**EXERCISE INSTRUCTIONS:** Work through the records that follow and return each line containing the word "FIRE".

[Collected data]
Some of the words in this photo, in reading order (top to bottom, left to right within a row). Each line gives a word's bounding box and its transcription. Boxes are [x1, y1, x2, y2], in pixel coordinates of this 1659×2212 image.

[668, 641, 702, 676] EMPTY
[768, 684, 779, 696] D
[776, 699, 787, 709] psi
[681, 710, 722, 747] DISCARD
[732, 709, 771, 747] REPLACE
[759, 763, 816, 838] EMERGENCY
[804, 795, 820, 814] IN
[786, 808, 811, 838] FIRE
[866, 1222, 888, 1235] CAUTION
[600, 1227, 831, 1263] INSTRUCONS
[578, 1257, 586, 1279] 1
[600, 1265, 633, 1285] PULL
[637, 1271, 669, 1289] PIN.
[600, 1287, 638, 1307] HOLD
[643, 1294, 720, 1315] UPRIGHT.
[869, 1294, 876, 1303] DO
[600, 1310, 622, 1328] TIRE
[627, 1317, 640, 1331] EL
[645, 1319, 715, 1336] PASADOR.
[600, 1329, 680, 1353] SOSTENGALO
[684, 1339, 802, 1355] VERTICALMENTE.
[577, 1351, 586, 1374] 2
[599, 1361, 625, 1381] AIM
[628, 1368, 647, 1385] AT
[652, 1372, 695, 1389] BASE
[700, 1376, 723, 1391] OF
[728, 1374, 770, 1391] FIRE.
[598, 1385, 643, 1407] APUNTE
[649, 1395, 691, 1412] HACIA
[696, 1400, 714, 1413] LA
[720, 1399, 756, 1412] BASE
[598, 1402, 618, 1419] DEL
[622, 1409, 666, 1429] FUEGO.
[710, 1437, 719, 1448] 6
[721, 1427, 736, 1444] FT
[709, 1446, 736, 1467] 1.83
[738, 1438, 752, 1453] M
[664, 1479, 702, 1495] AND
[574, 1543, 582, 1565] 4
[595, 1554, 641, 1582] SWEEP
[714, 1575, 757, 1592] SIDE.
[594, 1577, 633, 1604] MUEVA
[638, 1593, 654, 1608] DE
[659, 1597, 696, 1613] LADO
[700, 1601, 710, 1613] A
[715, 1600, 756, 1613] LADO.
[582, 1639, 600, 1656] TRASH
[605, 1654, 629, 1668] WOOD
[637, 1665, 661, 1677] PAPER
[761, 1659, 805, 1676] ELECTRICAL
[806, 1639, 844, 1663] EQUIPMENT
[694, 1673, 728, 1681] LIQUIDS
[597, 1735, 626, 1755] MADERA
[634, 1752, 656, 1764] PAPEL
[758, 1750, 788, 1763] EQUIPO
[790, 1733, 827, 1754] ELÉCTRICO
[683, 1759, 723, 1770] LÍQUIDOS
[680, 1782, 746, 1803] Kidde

**SOLUTION FOR THIS TASK:**
[786, 808, 811, 838] FIRE
[728, 1374, 770, 1391] FIRE.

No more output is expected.